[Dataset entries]
================

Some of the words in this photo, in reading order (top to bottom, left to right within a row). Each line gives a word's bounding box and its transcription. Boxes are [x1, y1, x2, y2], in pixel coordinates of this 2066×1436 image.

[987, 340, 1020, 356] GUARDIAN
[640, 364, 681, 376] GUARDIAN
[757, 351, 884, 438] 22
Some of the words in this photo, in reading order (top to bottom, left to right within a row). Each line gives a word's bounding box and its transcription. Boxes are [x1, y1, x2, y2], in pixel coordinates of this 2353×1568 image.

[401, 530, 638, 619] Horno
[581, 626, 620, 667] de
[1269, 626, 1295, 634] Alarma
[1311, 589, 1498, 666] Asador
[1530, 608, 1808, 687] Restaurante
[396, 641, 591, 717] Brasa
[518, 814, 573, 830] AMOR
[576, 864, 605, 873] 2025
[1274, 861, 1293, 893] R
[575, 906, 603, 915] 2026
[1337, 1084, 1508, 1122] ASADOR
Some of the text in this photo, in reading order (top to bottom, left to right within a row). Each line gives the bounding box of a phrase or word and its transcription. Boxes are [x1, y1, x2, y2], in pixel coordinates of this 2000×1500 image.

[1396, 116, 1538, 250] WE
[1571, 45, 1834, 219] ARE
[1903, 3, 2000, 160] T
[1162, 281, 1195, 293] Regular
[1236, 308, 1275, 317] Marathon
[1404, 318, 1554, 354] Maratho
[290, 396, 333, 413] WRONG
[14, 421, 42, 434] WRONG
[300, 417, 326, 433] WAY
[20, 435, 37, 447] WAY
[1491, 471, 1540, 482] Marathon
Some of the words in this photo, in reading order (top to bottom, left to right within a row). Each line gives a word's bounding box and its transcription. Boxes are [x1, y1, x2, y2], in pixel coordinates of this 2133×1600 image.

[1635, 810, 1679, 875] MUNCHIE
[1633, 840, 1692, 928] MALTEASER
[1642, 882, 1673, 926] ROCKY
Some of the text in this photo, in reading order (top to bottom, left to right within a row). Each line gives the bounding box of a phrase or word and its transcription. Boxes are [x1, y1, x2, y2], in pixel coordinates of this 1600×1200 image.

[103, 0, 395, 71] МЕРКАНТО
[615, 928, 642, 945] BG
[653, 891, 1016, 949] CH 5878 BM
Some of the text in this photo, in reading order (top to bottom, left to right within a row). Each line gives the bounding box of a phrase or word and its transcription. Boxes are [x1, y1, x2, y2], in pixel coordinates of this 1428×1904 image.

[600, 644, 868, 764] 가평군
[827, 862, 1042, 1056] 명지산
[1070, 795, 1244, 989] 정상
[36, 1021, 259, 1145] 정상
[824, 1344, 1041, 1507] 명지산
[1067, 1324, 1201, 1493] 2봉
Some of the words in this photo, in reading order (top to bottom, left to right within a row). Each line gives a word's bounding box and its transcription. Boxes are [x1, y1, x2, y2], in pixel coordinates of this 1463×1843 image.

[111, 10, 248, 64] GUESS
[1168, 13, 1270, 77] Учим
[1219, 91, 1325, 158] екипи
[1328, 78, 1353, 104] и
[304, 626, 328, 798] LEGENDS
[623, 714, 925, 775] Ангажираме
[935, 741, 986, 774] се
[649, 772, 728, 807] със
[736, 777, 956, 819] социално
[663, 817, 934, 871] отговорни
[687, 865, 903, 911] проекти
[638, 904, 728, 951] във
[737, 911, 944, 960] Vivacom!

================

### Work order
An exact repetition of the data above is all that is needed.

### Output for this task
Some of the words in this photo, in reading order (top to bottom, left to right within a row). Each line gives a word's bounding box and its transcription. Boxes are [x1, y1, x2, y2], in pixel coordinates of this 2066×1436 image.

[987, 340, 1020, 356] GUARDIAN
[640, 364, 681, 376] GUARDIAN
[757, 351, 884, 438] 22
Some of the words in this photo, in reading order (top to bottom, left to right within a row). Each line gives a word's bounding box and its transcription. Boxes are [x1, y1, x2, y2], in pixel coordinates of this 2353×1568 image.

[401, 530, 638, 619] Horno
[581, 626, 620, 667] de
[1269, 626, 1295, 634] Alarma
[1311, 589, 1498, 666] Asador
[1530, 608, 1808, 687] Restaurante
[396, 641, 591, 717] Brasa
[518, 814, 573, 830] AMOR
[576, 864, 605, 873] 2025
[1274, 861, 1293, 893] R
[575, 906, 603, 915] 2026
[1337, 1084, 1508, 1122] ASADOR
Some of the text in this photo, in reading order (top to bottom, left to right within a row). Each line gives the bounding box of a phrase or word and its transcription. Boxes are [x1, y1, x2, y2], in pixel coordinates of this 2000×1500 image.

[1396, 116, 1538, 250] WE
[1571, 45, 1834, 219] ARE
[1903, 3, 2000, 160] T
[1162, 281, 1195, 293] Regular
[1236, 308, 1275, 317] Marathon
[1404, 318, 1554, 354] Maratho
[290, 396, 333, 413] WRONG
[14, 421, 42, 434] WRONG
[300, 417, 326, 433] WAY
[20, 435, 37, 447] WAY
[1491, 471, 1540, 482] Marathon
Some of the words in this photo, in reading order (top to bottom, left to right within a row). Each line gives a word's bounding box and its transcription. Boxes are [x1, y1, x2, y2], in pixel coordinates of this 2133×1600 image.

[1635, 810, 1679, 875] MUNCHIE
[1633, 840, 1692, 928] MALTEASER
[1642, 882, 1673, 926] ROCKY
Some of the text in this photo, in reading order (top to bottom, left to right within a row). Each line gives the bounding box of a phrase or word and its transcription. Boxes are [x1, y1, x2, y2], in pixel coordinates of this 1600×1200 image.

[103, 0, 395, 71] МЕРКАНТО
[615, 928, 642, 945] BG
[653, 891, 1016, 949] CH 5878 BM
Some of the text in this photo, in reading order (top to bottom, left to right within a row). Each line gives the bounding box of a phrase or word and its transcription. Boxes are [x1, y1, x2, y2], in pixel coordinates of this 1428×1904 image.

[600, 644, 868, 764] 가평군
[827, 862, 1042, 1056] 명지산
[1070, 795, 1244, 989] 정상
[36, 1021, 259, 1145] 정상
[824, 1344, 1041, 1507] 명지산
[1067, 1324, 1201, 1493] 2봉
Some of the words in this photo, in reading order (top to bottom, left to right within a row). Each line gives a word's bounding box and its transcription. Boxes are [x1, y1, x2, y2], in pixel coordinates of this 1463×1843 image.

[111, 10, 248, 64] GUESS
[1168, 13, 1270, 77] Учим
[1219, 91, 1325, 158] екипи
[1328, 78, 1353, 104] и
[304, 626, 328, 798] LEGENDS
[623, 714, 925, 775] Ангажираме
[935, 741, 986, 774] се
[649, 772, 728, 807] със
[736, 777, 956, 819] социално
[663, 817, 934, 871] отговорни
[687, 865, 903, 911] проекти
[638, 904, 728, 951] във
[737, 911, 944, 960] Vivacom!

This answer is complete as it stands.